What you should do: When you give the entries again, keep every word as it stands and drop the pictures.

Information supplied:
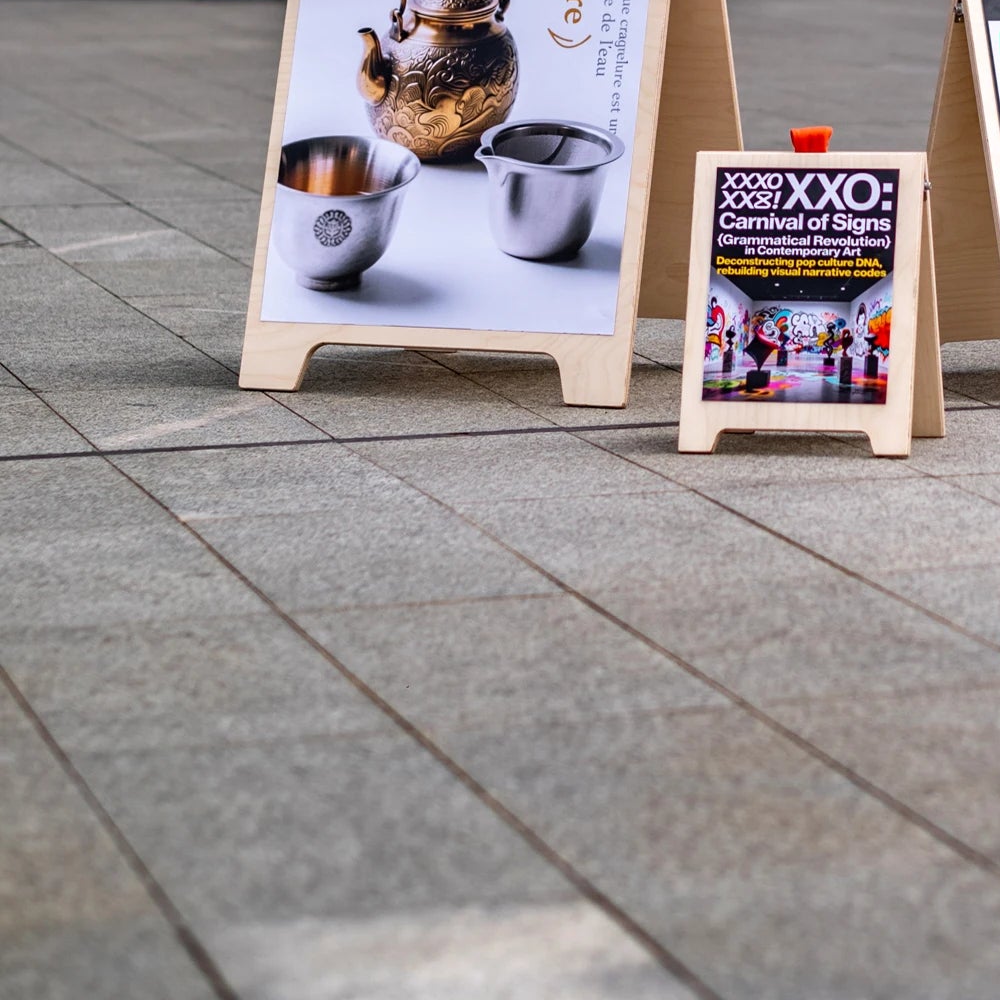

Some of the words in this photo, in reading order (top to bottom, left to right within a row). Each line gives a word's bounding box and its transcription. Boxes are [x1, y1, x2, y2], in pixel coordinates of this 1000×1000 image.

[601, 13, 616, 32] de
[596, 40, 613, 77] l'eau
[611, 92, 621, 113] est
[719, 212, 803, 230] Carnival
[807, 213, 829, 230] of
[832, 213, 891, 235] Signs
[744, 246, 755, 255] in
[757, 246, 841, 258] Contemporary
[842, 247, 862, 257] Art
[716, 256, 794, 268] Deconstructing
[796, 259, 816, 268] pop
[817, 258, 854, 267] culture
[855, 258, 883, 269] DNA,
[716, 266, 769, 277] rebuilding
[770, 267, 801, 276] visual
[803, 268, 852, 277] narrative
[853, 268, 887, 278] codes
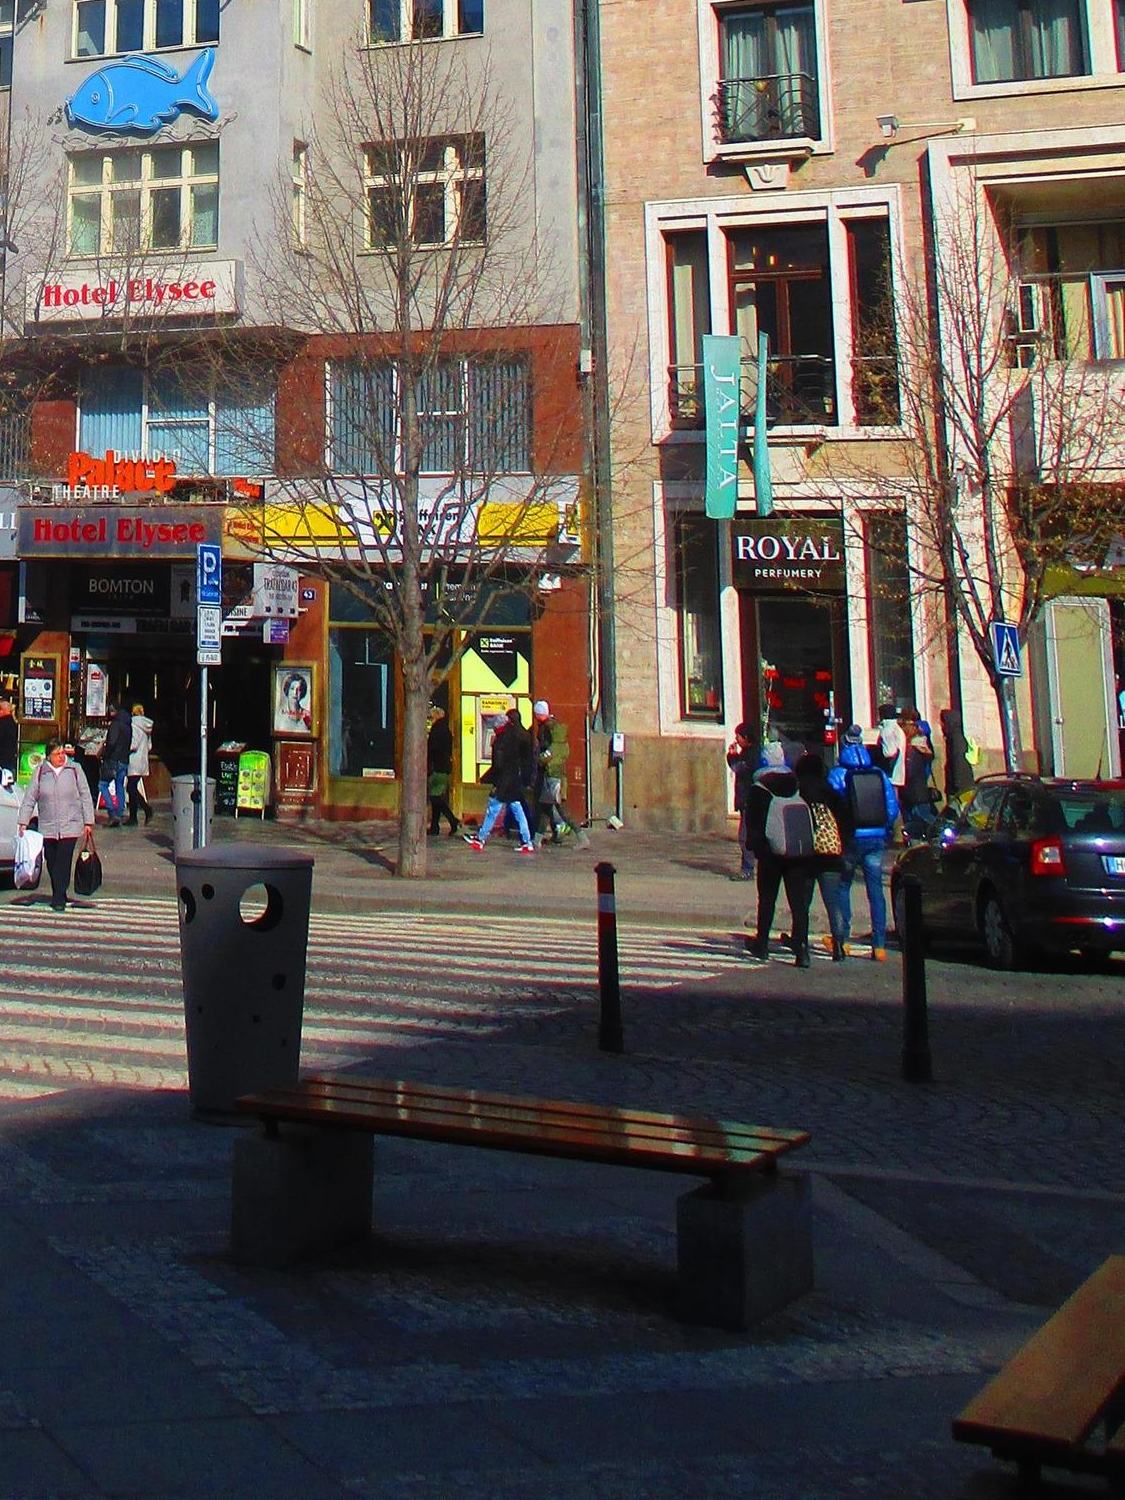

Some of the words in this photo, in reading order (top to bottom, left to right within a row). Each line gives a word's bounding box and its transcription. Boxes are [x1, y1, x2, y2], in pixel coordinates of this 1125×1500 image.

Task output:
Some of the words in this photo, in reading order (top to bottom, left to right within a row). Each line gives a word's bounding box and its transcription. Boxes are [x1, y1, x2, y2], in pixel coordinates of this 1000×1000 image.

[601, 13, 616, 32] de
[596, 40, 613, 77] l'eau
[611, 92, 621, 113] est
[719, 212, 803, 230] Carnival
[807, 213, 829, 230] of
[832, 213, 891, 235] Signs
[744, 246, 755, 255] in
[757, 246, 841, 258] Contemporary
[842, 247, 862, 257] Art
[716, 256, 794, 268] Deconstructing
[796, 259, 816, 268] pop
[817, 258, 854, 267] culture
[855, 258, 883, 269] DNA,
[716, 266, 769, 277] rebuilding
[770, 267, 801, 276] visual
[803, 268, 852, 277] narrative
[853, 268, 887, 278] codes

Some of the words in this photo, in reading order (top to bottom, left to right within a row). Each line gives a word's bounding box and its transcription. Boxes are [x1, y1, x2, y2], in pixel coordinates of this 1125×1500 image.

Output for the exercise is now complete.